Second, this is a high volume boot. This means those of us with a narrower foot will slosh around a bit in the mid-foot and heel, affecting control on descents. This doesn’t mean much for moderate, even trails. On steep or rocky slopes, however, I needed a bit more control and stability. Heel slippage is also a harbinger of dreaded blisters.
The Tornado is a very comfortable shoe that provides a pleasant, cushy ride. The dual-density EVA midsole provides plenty of padding. Although I usually bruise easily from rigid collars, the collar here was very forgiving.
I did feel some discomfort on steep descents: because of the high volume interior, my toes were jamming against the toe box. I found myself wanting to stop and tighten the laces often (which are quite difficult to adjust) to try to secure my foot. I should also note that I did not notice a substantial difference between the rocker on this boot and the rest of the unrockered boots in the test.
Quality and Construction
The quality is quite good – the upper is a blend of leather, synthetic and mesh, with GORE-TEX liner and Vibram outsole.
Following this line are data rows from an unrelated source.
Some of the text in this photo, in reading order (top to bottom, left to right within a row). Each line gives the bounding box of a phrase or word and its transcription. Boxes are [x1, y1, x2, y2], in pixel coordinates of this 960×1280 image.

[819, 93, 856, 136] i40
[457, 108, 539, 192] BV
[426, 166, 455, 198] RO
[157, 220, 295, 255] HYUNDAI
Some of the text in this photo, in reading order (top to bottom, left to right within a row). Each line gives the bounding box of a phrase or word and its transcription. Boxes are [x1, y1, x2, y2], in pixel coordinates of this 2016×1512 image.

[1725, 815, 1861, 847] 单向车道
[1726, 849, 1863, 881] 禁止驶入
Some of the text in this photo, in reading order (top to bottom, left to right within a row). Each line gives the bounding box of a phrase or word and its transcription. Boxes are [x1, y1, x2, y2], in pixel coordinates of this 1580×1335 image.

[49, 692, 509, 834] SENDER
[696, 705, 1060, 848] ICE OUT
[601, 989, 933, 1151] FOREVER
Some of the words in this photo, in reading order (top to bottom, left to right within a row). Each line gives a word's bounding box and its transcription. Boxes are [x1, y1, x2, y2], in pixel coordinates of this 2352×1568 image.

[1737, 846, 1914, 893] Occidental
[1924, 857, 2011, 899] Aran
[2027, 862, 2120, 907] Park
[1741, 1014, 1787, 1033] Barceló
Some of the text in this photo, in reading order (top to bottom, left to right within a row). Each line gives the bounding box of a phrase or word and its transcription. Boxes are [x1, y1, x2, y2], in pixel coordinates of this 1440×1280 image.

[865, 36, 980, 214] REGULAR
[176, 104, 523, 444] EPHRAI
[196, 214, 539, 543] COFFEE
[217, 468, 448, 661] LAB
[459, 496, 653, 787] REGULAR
A note on our durability rating: Because we rarely have enough time in a field test to actually wear out a boot, durability is determined by the materials used (ex: full-grain leather lasts longer than mesh); features such as rubber toe and heel caps; and whether or not the upper is constructed out of one piece of leather, or multiple pieces and materials sewn together. Our ratings are based on general wisdom and we cannot guarantee that a boot with a higher durability rating will actually outlast those with lower ratings.
If you think the Tornado might the best fit for your hiking style, I hope you have an REI Member Dividend waiting for you at the cash register. The price tag of $175 was among the highest in our lineup, the same price range as perennial high scorers like Lowa (see the 2013 Lowa Bora, $185) and Vasque (see the 2013 Vasque Breeze 2.0, $160).